Crédito: Divulgação/Ubisoft

Visando principalmente poupar o tempo que as pessoas passam tendo que criar essas falas, a Ubisoft afirma que a “Ghostwriter não está substituindo os roteiristas, mas sim aliviando uma das tarefas mais trabalhosas para eles: escrever latidos.”

Embora possa parecer estranho, latido é como a indústria se refere a frases curtas ditas pelos NPCs quando um determinado gatilho é acionado. Isso pode ser quando estamos em perigo, quando precisamos prestar atenção em algum evento ou mesmo quando nos dirigimos a um comerciante. Normalmente essas falas ou sons não possuem muita variedade e o objetivo da ferramenta idealizada por Ben Swanson é justamente garantir que os latidos pareçam mais naturais.

Um cientista da computação especializado em processamento de linguagem natural que já trabalhou no Google, ele se interessou por utilizar a tecnologia de forma criativa quando ainda estava fazendo o doutorado. Lá ele conheceu dois roteiristas e foi apresentado à ideia de criar arte usando modelos generativos, mas o embrião da Ghostwriter só nasceria em 2021, após ele participar da Game Developers Conference (GDC).

Foi naquele evento que Swanson assistiu uma palestra da equipe responsável pelo Watch Dogs: Legion, título que nos permite controlar qualquer pessoa que encontrarmos pelo caminho. Fascinado pelo que foi mostrado, ele passou a desejar trabalhar em algo parecido e se candidatou a uma vaga na editora. Como a Ubisoft já estava buscando uma solução para esse problema, o casamento não poderia ter surgido em melhor hora.

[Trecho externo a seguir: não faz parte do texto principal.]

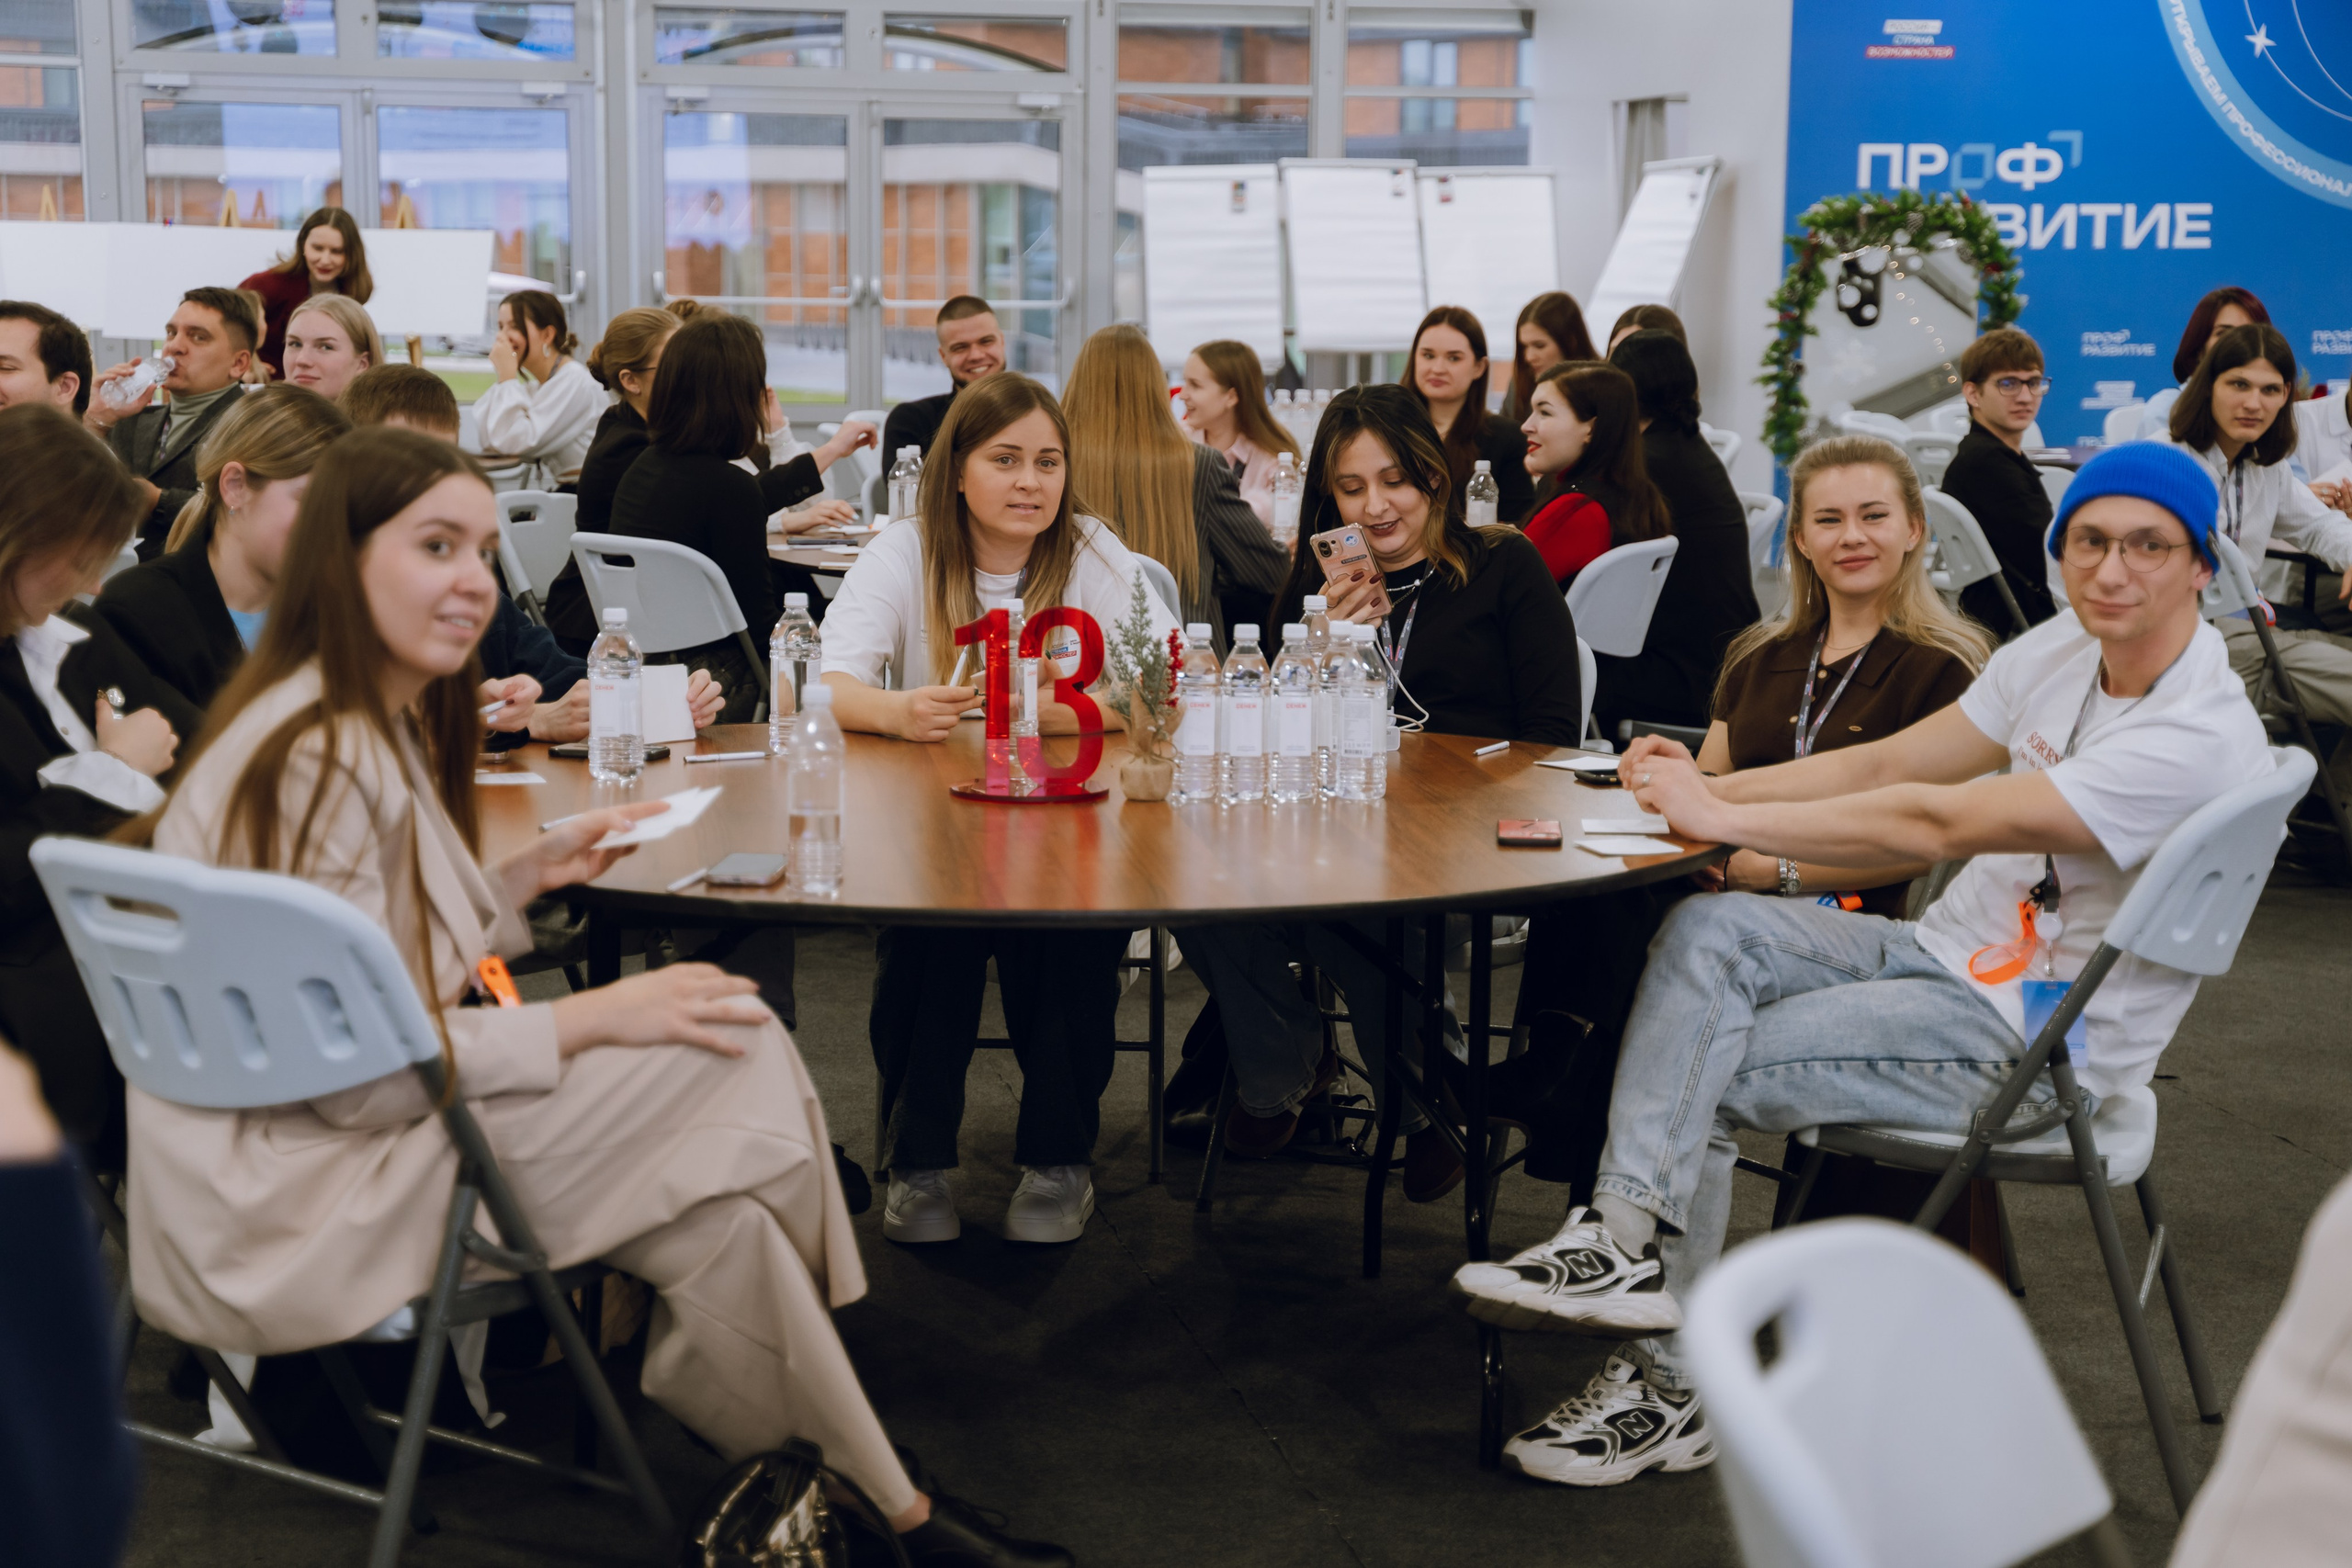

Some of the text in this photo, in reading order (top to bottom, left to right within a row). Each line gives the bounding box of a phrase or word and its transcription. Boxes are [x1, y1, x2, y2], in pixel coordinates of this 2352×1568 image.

[2169, 0, 2229, 107] ТКРЫВАЕМ
[1984, 202, 2213, 250] ВИТИЕ
[955, 606, 1105, 788] 13

Crédito: Divulgação/Ubisoft

A partir de então a equipe comandada por Swanson passou a desenvolver uma maneira de tornar o comportamento dos NPCs mais realista, com a conversa entre eles soando mais natural e as reações aos gatilhos passando uma melhor sensação de estarmos perto de uma pessoa de verdade. O problema é que fazer isso manualmente exige muito tempo e esforço criativo, recursos que os roteiristas poderiam dedicar a tornar as histórias melhores.

Porém, isso não quer dizer que o processo será todo automatizado, já que “ao invés de escrever os primeiros rascunhos, a Ghostwriter permite que os roteiristas selecionem e aperfeiçoem os modelos gerados,” explicou Ben Swanson. Ou seja, conforme os personagens forem criados, a ferramenta indicará algumas variações de latidos que o roteirista poderá escolher, sendo este apenas o primeiro passo do processo de criação.

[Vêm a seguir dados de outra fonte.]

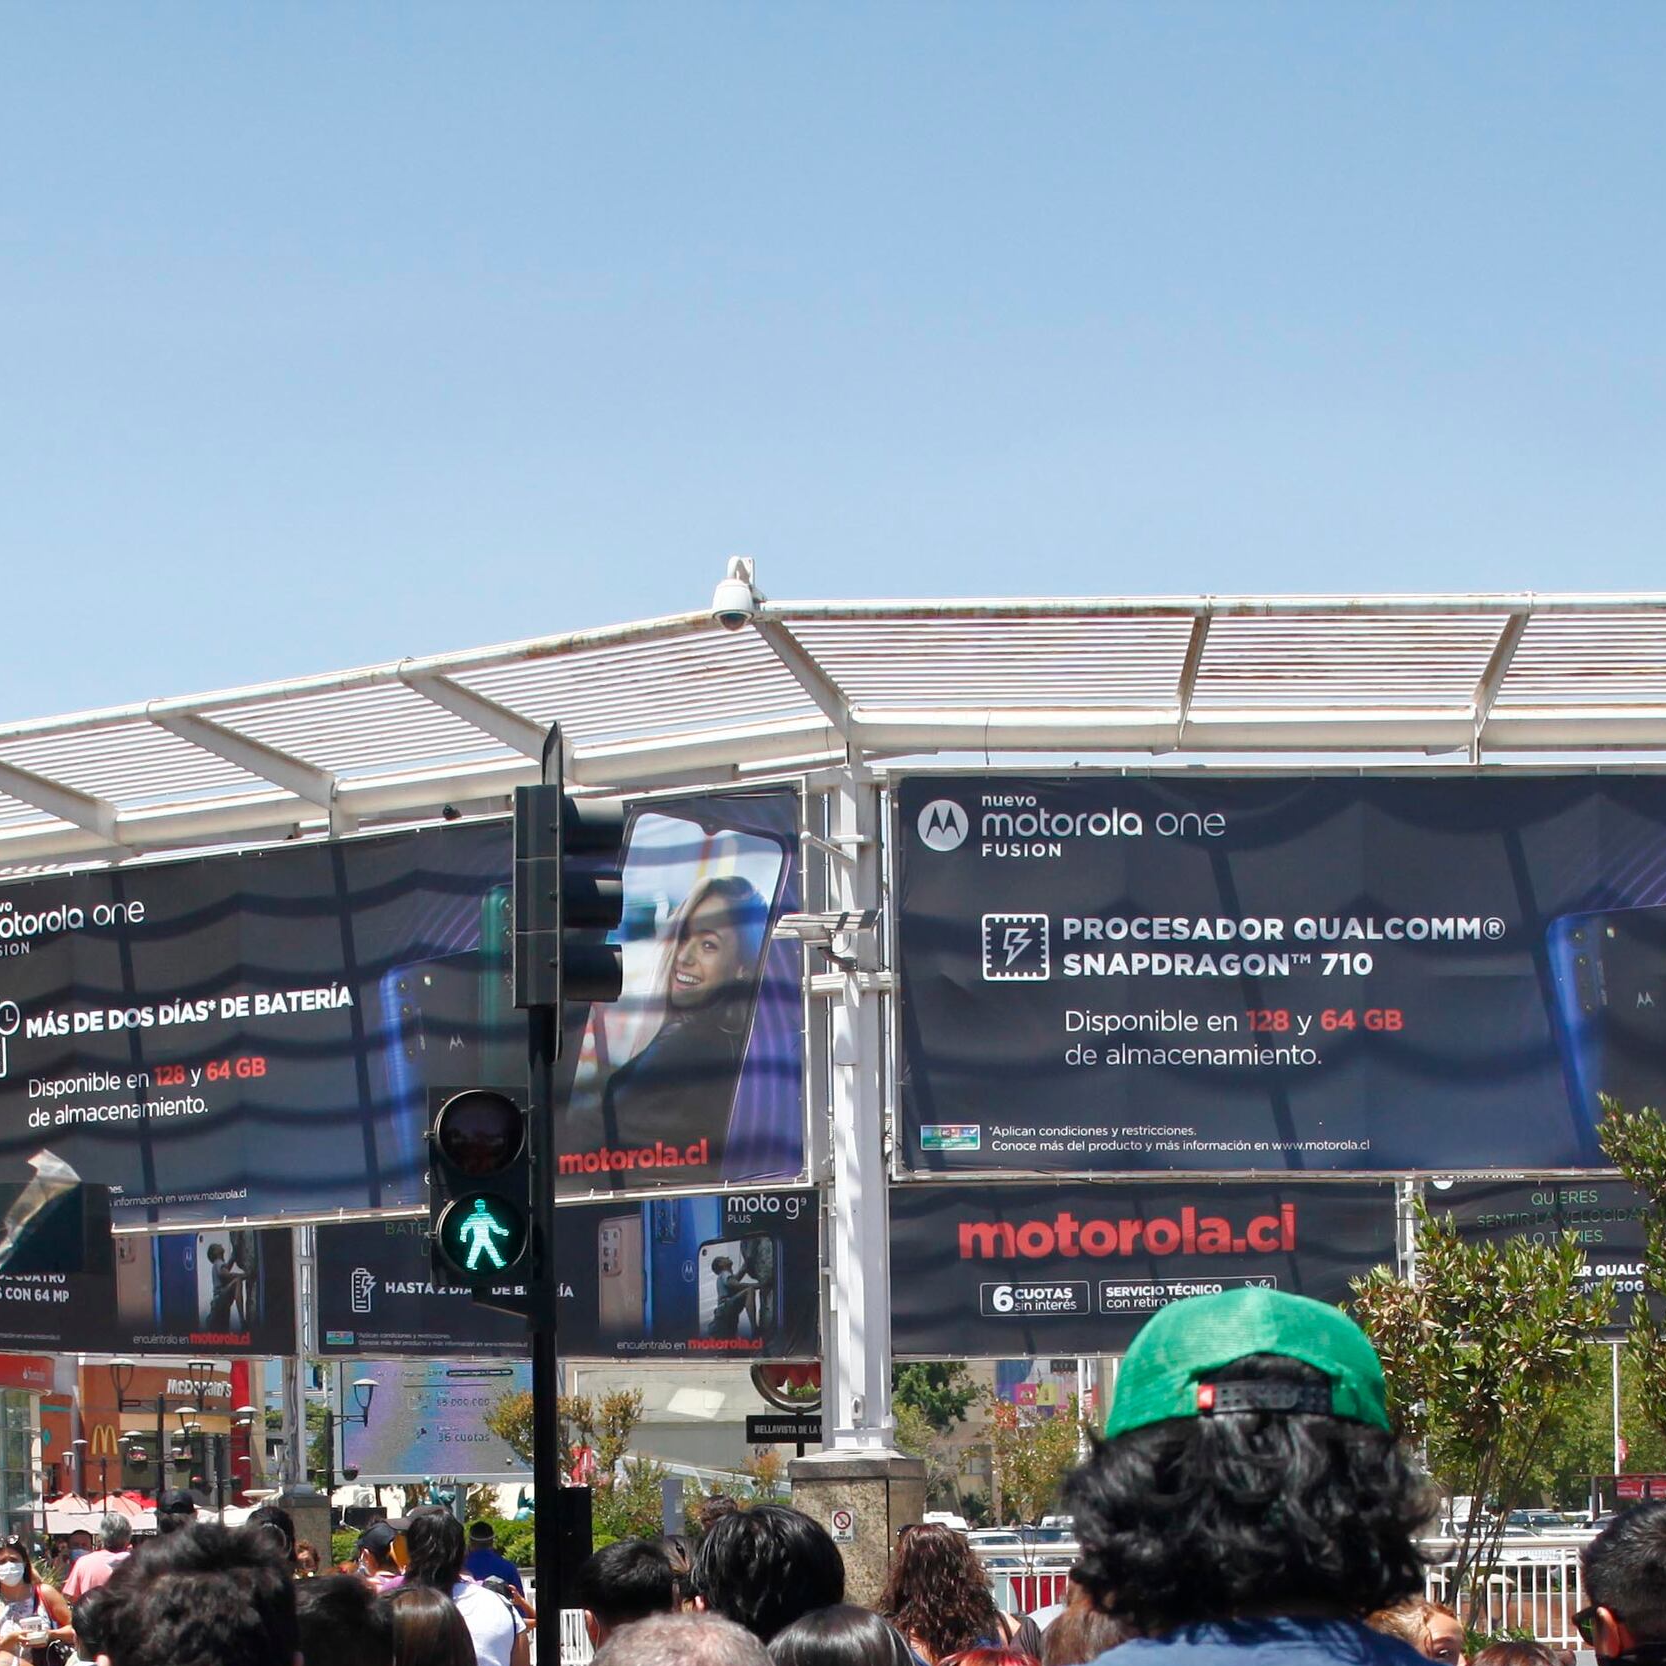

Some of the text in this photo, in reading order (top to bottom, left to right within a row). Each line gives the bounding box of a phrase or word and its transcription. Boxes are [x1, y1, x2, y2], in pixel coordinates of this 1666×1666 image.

[982, 795, 1037, 807] nuevo
[982, 807, 1226, 837] motorola one
[982, 843, 1062, 858] FUSION
[93, 901, 145, 926] one
[1063, 917, 1284, 941] PROCESADOR
[1321, 952, 1373, 977] 710
[26, 1010, 70, 1039] MÁS
[74, 1010, 104, 1033] DE
[108, 1007, 154, 1030] DOS
[220, 995, 250, 1020] DE
[255, 982, 354, 1016] BATERÍA
[1065, 1009, 1404, 1036] Disponible en 128 y 64 GB
[1065, 1043, 1323, 1065] de almacenamiento.
[28, 1056, 268, 1099] Disponible en 128 y 64 GB
[28, 1096, 209, 1128] de almacenamiento.
[1038, 1125, 1109, 1137] condiciones
[1111, 1128, 1119, 1138] y
[1122, 1125, 1197, 1137] restricciones.
[992, 1139, 1371, 1152] Conoce más del producto y más información en www.motorola.cl
[559, 1137, 709, 1175] motorola.cl
[728, 1193, 780, 1213] moto
[728, 1214, 752, 1224] PLUS
[958, 1203, 1296, 1260] motorola.cl
[5, 1286, 32, 1301] CON
[34, 1287, 50, 1302] 64
[52, 1289, 70, 1303] MP
[385, 1281, 434, 1295] HASTA
[1106, 1280, 1223, 1299] SERVICIO TÉCNICO
[992, 1286, 1073, 1313] 6 CUOTAS
[1015, 1298, 1078, 1312] sin interés
[1106, 1296, 1169, 1309] con retiro
[190, 1331, 252, 1346] motorola.cl
[617, 1336, 764, 1350] encuéntralo en motorola.cl
[455, 1432, 491, 1442] cuotas
[754, 1425, 819, 1435] BELLAVISTA DE LA

Usando um método de avaliação de emparelhamento, o sistema oferecerá duas opções para que o roteirista escolha a melhor, cabendo a ele ainda decidir se quer fazer alterações nas falas para que elas se tornem mais adequados ao tipo de NPC e as situações em que ele estará envolvido. Essas escolhas também ajudaram a melhorar a inteligência artificial, pois quanto mais sugestões ela receber, mais efetiva e precisa se tornará na hora de fazer sugestões.

Crédito: Divulgação/Ubisoft

Mas enquanto a Ghostwriter desponta como uma bela solução para um problema que tende a se tornar cada vez maior, muitas pessoas não estão enxergando a novidade de maneira positiva. Para Alana Pearce, do Santa Monica Studio, “ter que editar roteiros/diálogos gerados por IA soa muito mais demorado do que ter que escrever” suas próprias linhas temporárias. Por isso a roteirista defende que seria muito melhor se os estúdios grandes investissem na contratação de mais escritores.

As críticas também falam sobre o medo desse tipo de tecnologia tornar uma indústria já tão competitiva ainda mais restrita e há ainda aqueles que questionam o quão realistas poderão ser as conversas geradas por uma máquina, com a alegação de que se hoje os jogos nos entregam um par de frases repetidas, no futuro poderemos ser jogados em mundos virtuais repletos de falas pasteurizadas.

Por fim, existe uma questão ética que vai muito além da indústria dos videogames. Para aqueles que trabalham com criação, ferramentas como a Midjourney tem sido criticadas justamente por se valerem da arte de outras pessoas para gerar novas imagens. Por se tratar de um terreno ainda pouco explorado, o debate deverá se estender por um bom tempo e algo como a Ghostwriter será certamente lembrada por aqueles que abominam a utilização de inteligência artificial (ou machine learning) na produção de conteúdo.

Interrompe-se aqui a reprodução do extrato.